3. Unions - Kinko views the unions favorably. They have a wonderful sense of humor. First they support the Employee Free Choice Act. This takes away the right to vote for or against the union using a secret ballot. This way if you vote against joining the union organizers Guido and Carmine now have the Freedom to beat you up. You get a second chance to vote the right way. Through swollen blood shot eyes you take the one hand that they did not break and you vote a resounding yes!!! Look for the Union label!! Isn't freedom wonderful?

4. Energy - We become immediate friends with Hugo Chavez even though we may think he has the morals of a pimp. Since Kinko is going to hire thousands of new teachers to assure their vote we can trade teachers for Petrol. Problem solved. By using our advanced teaching methods we can assure that Venezuelan kids don't pass ours.

5. Immigration. - We contract out our immigration work to the Castro brothers in Cuba. During all previous regimes Cuba had a net inflow of immigrants. Since the Castros took over power no one wants to go to Cuba and 15% of the population has risked becoming shark lunch by leaving. We can also turn over part of the job to the unions as in Mississippi. It was the union that called ICE and ratted out the undocumented workers. Their crime: They refused to join the union,.

6. Native Americans - Kinko believes in honoring our tradition of fair play and justice towards Native Americans. Declare war on them! They still got some lands we could use.

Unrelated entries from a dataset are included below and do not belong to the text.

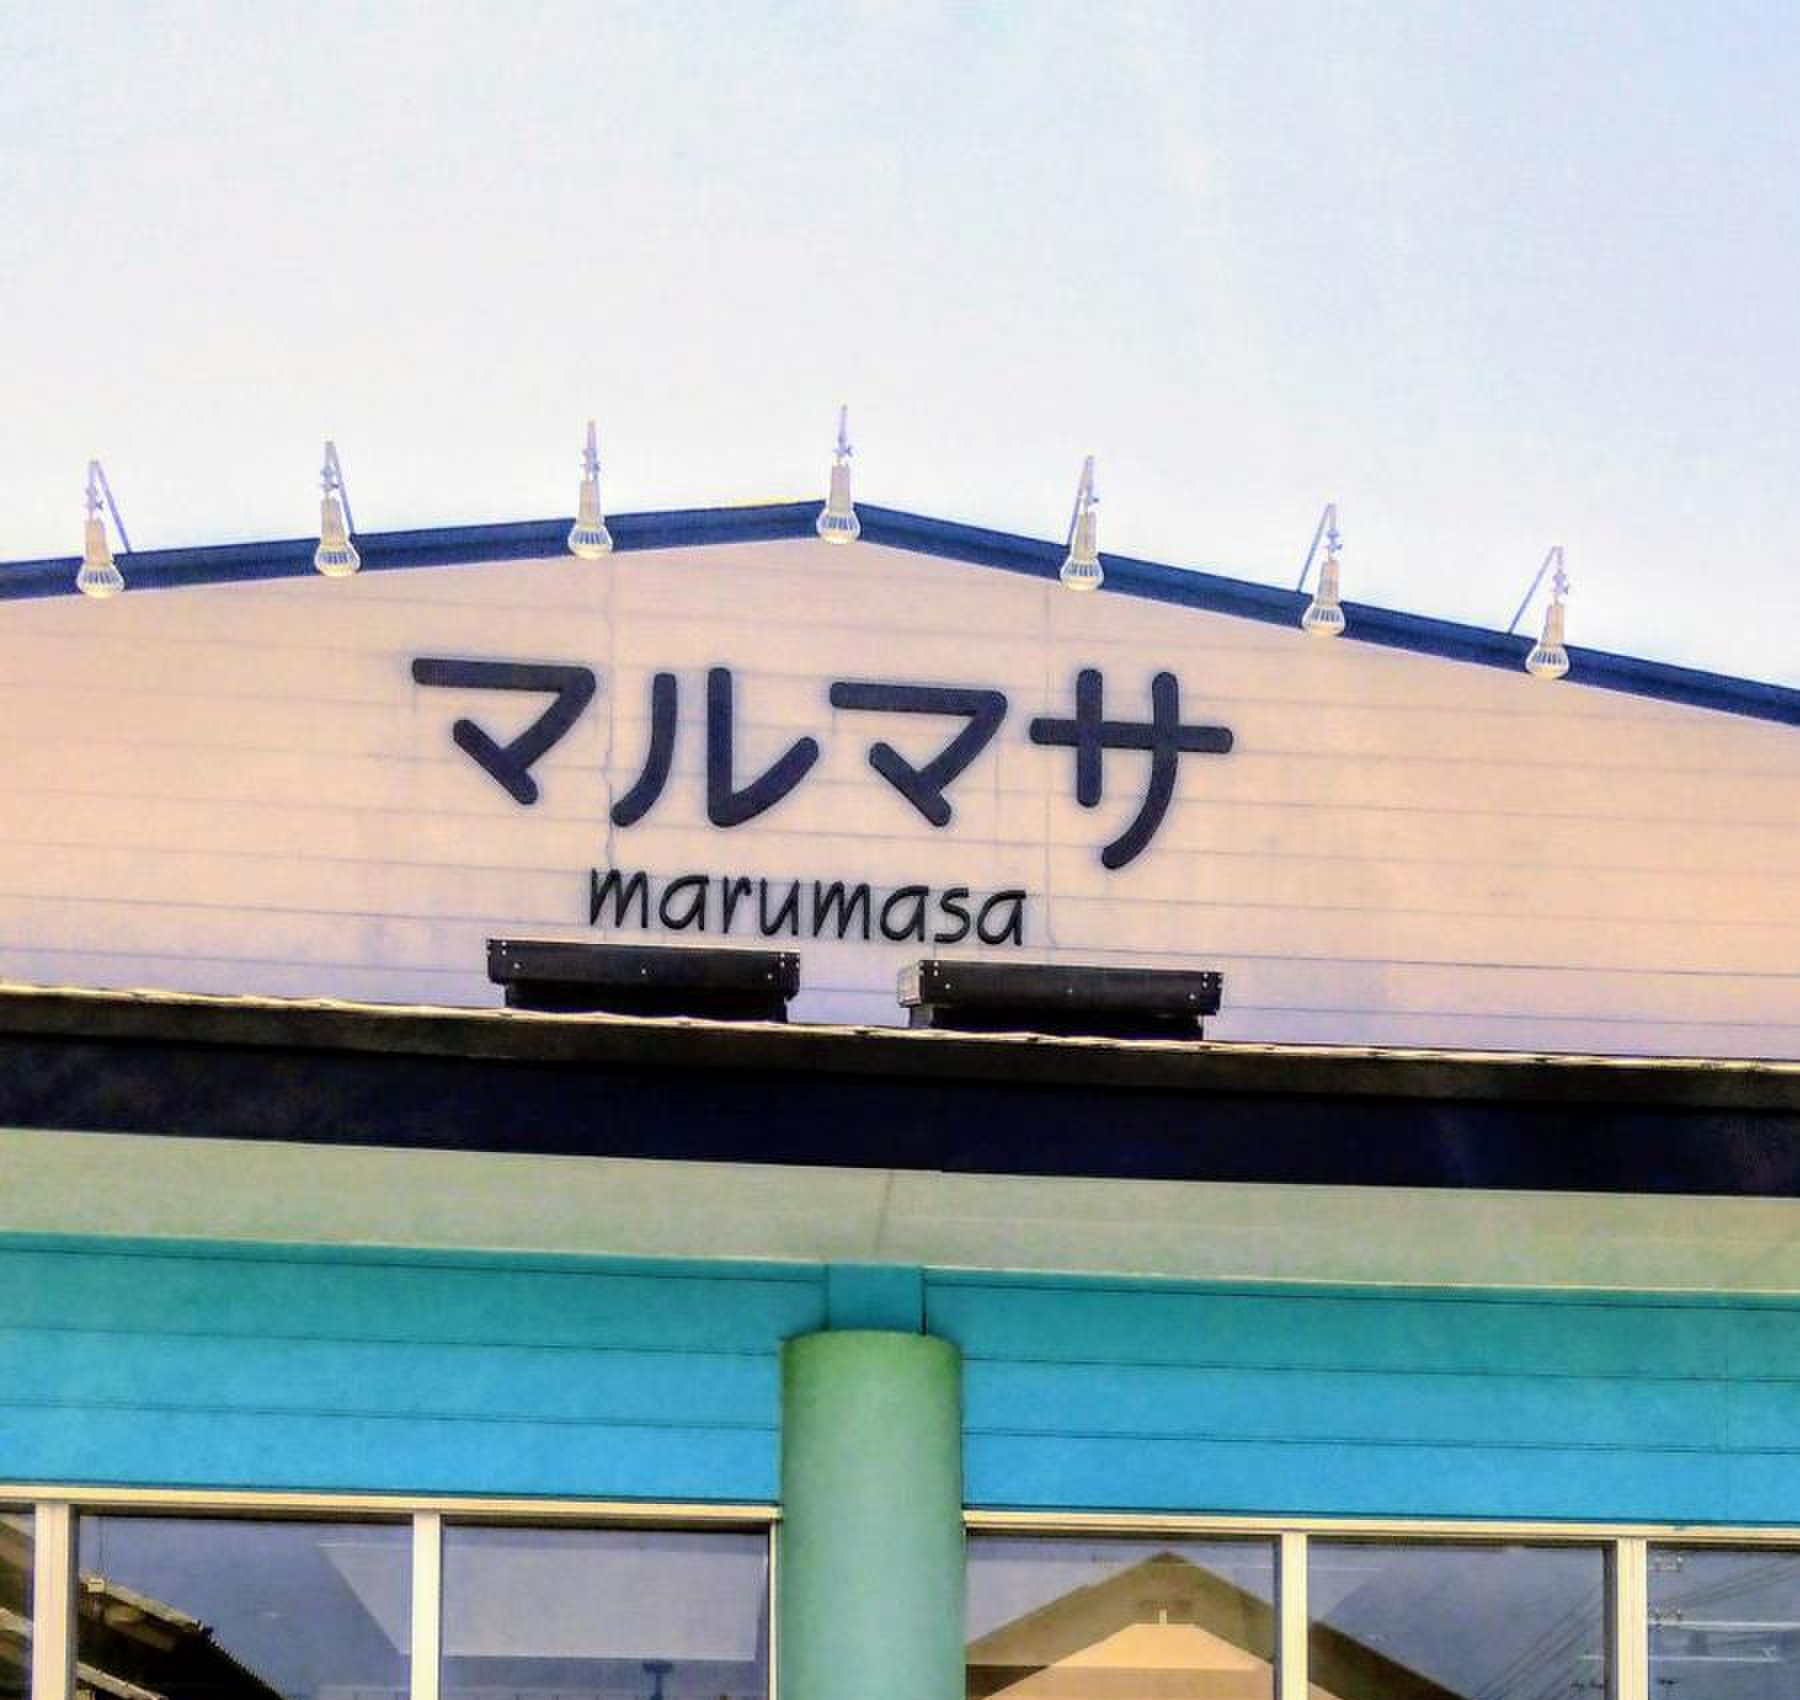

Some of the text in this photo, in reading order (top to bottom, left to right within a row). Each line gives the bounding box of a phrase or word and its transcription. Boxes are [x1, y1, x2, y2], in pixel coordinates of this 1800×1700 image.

[412, 657, 1233, 870] マルマサ
[588, 867, 1027, 947] marumasa
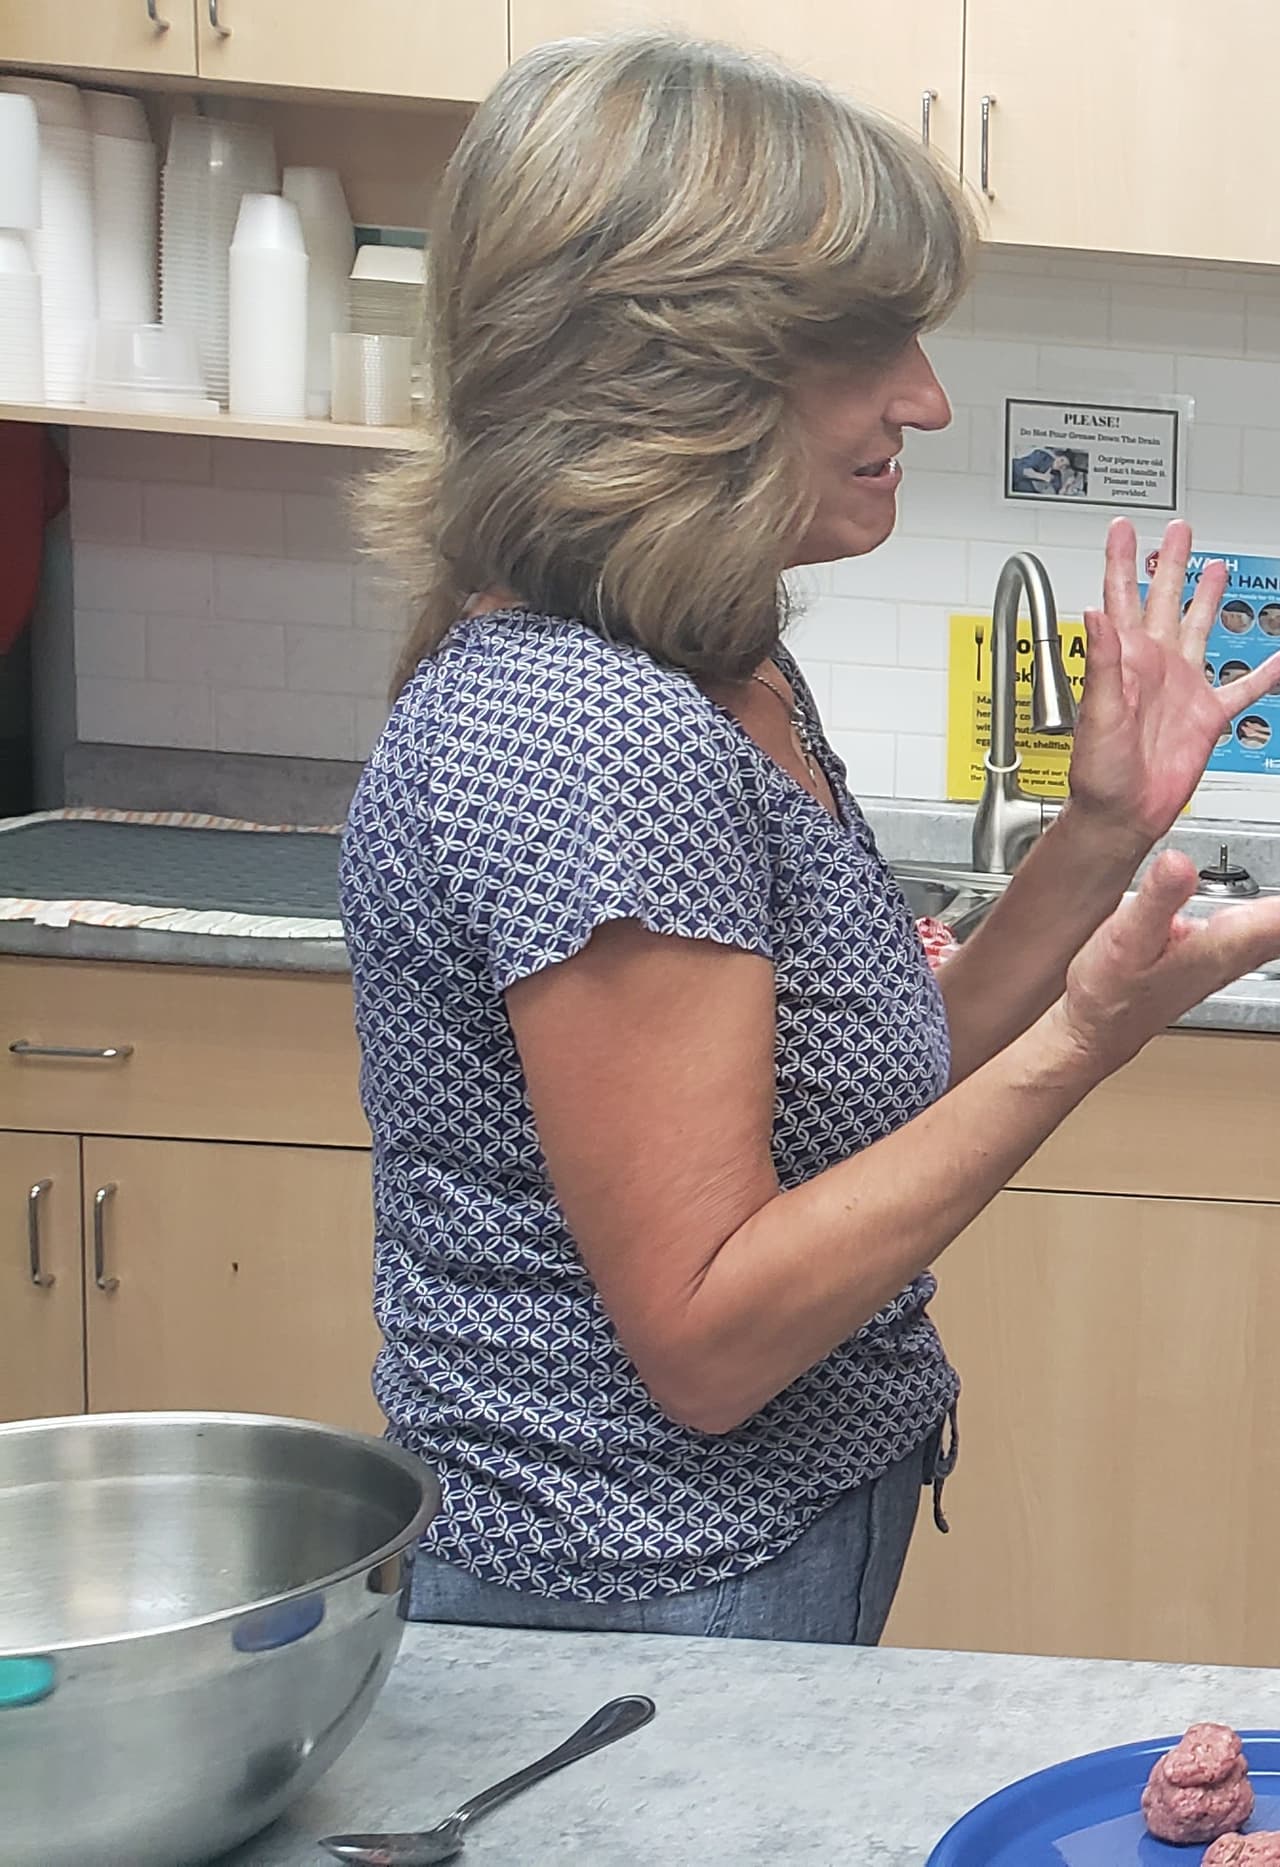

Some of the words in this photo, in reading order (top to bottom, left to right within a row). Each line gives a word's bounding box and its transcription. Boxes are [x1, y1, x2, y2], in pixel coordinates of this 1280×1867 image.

[1064, 413, 1120, 428] PLEASE!
[1020, 428, 1031, 436] Do
[1033, 429, 1047, 437] Not
[1049, 430, 1067, 438] Pour
[1069, 431, 1096, 441] Grease
[1098, 433, 1119, 442] Down
[1121, 435, 1137, 443] The
[1138, 436, 1161, 445] Drain
[1098, 454, 1113, 463] Our
[1185, 572, 1233, 587] YOR
[1033, 740, 1071, 751] shellfish
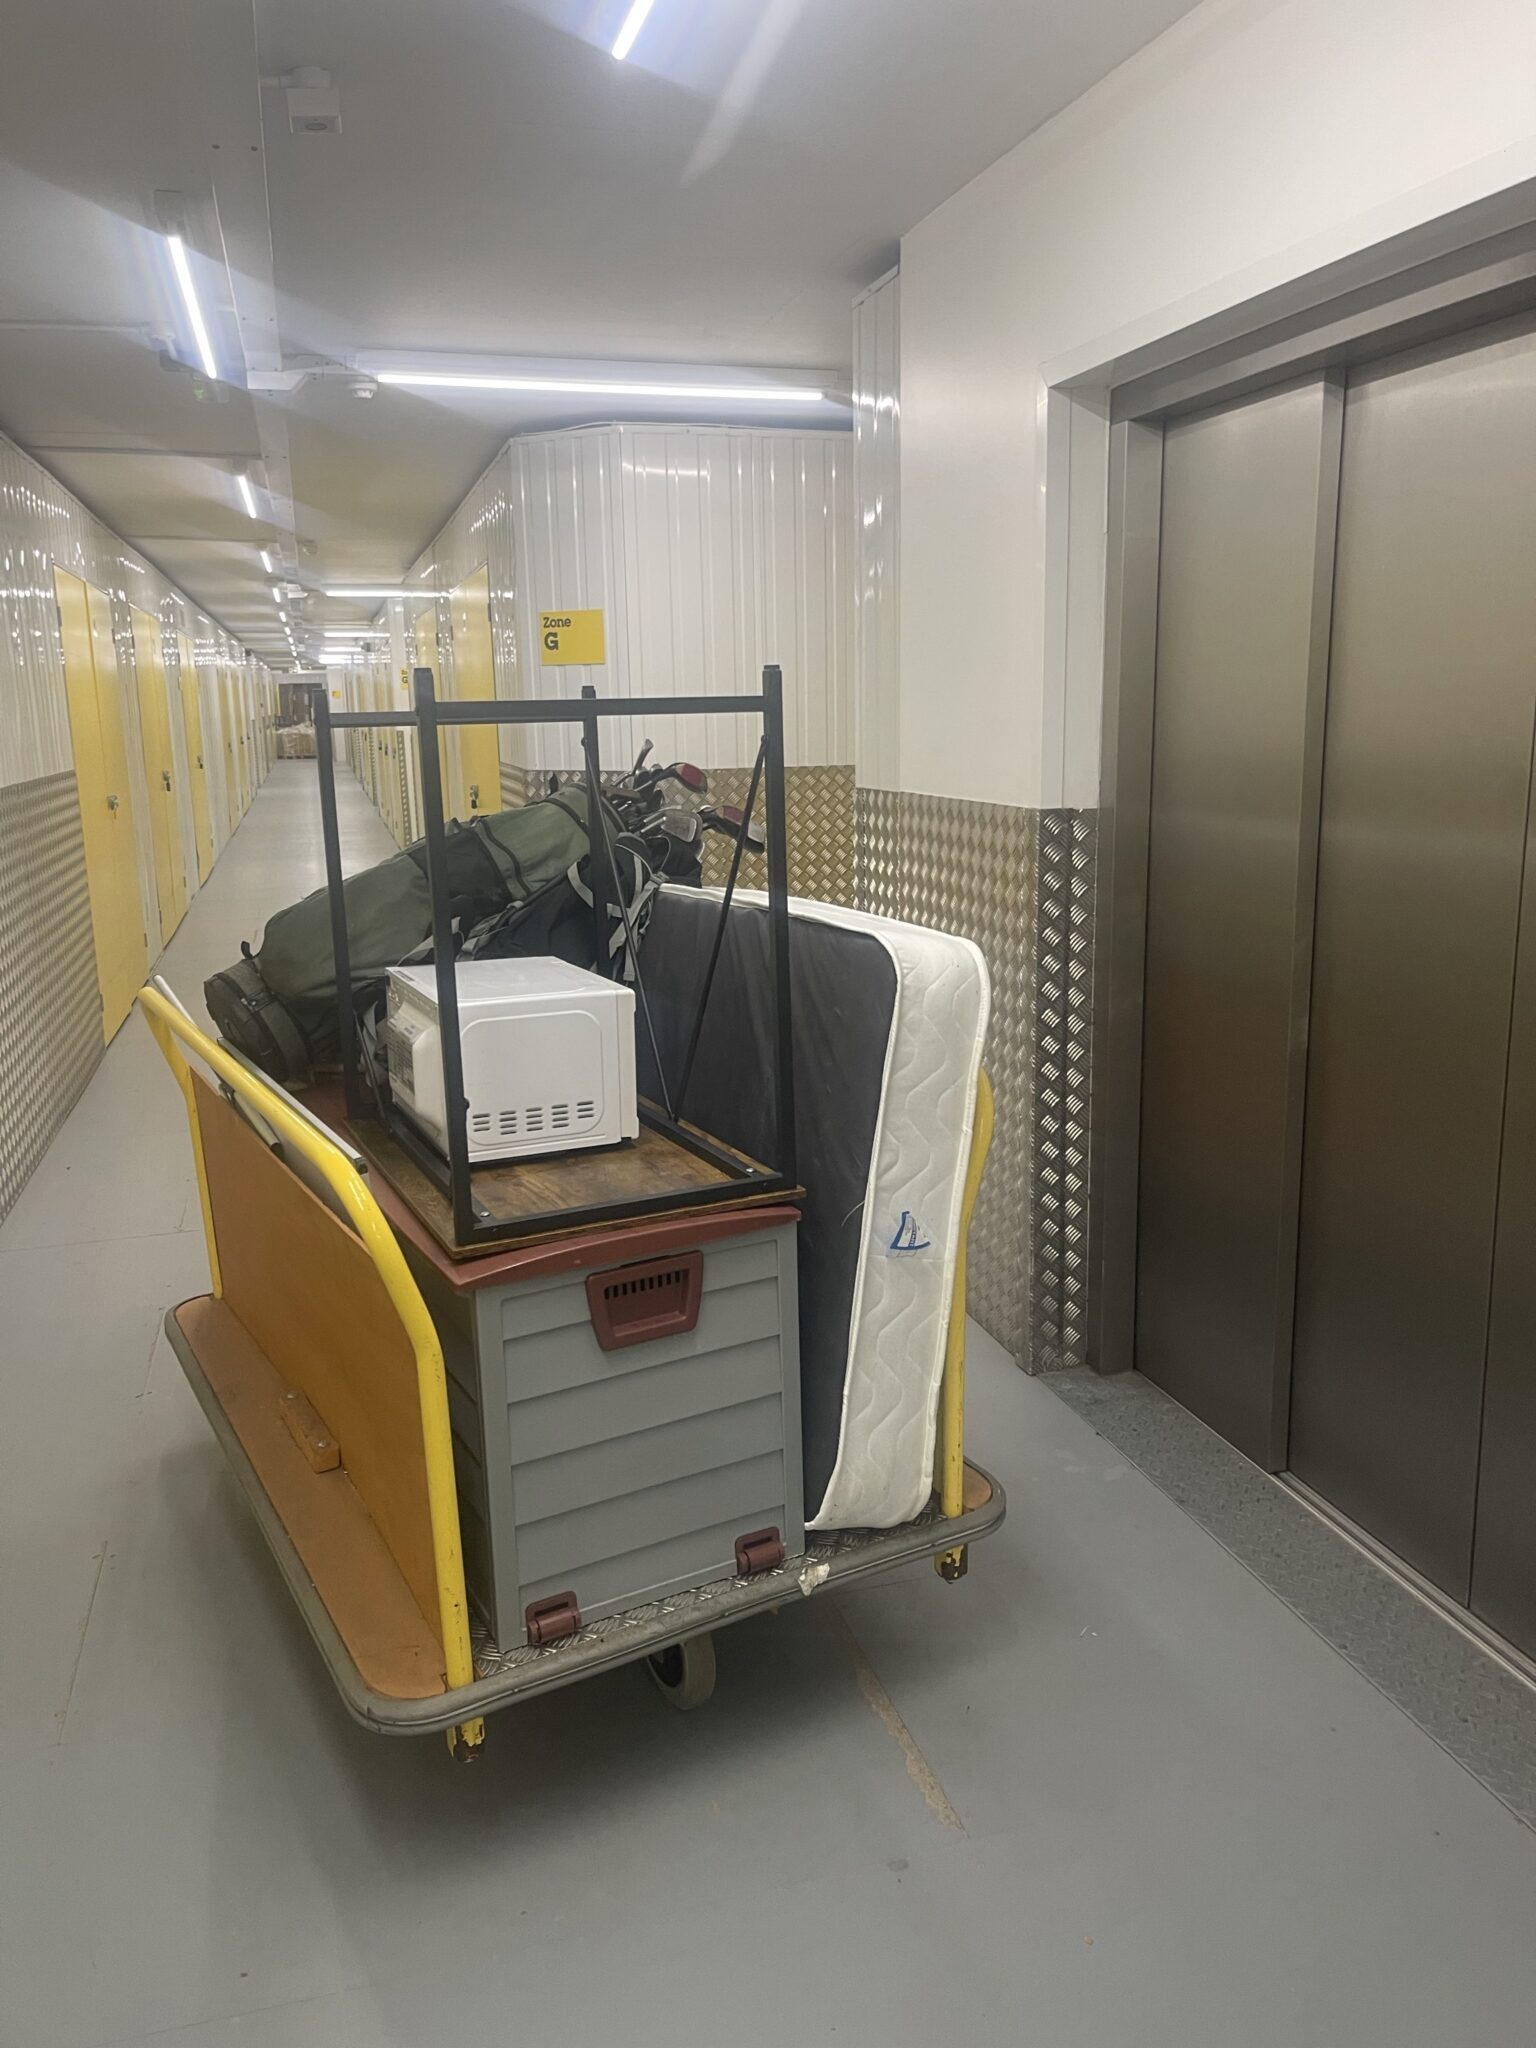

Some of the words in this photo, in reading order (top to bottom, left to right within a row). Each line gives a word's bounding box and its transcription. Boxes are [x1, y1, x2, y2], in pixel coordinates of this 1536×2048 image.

7. Gun Control - Kinko supports the 2nd amendment especially the part of having the right to arm bears.

There you have it. Real Change!!! Forget that clown Obama. Kinko doesn't own 7 homes he lives in a small rubber covered room. It's time to send a real clown to Washington!

About Kinko Da Clown:
KInko is a swell type of guy. Had a few problems and was sent to the Atascadero State Mental Hospital. Parole board to meet soon. Maybe Kinko gets out!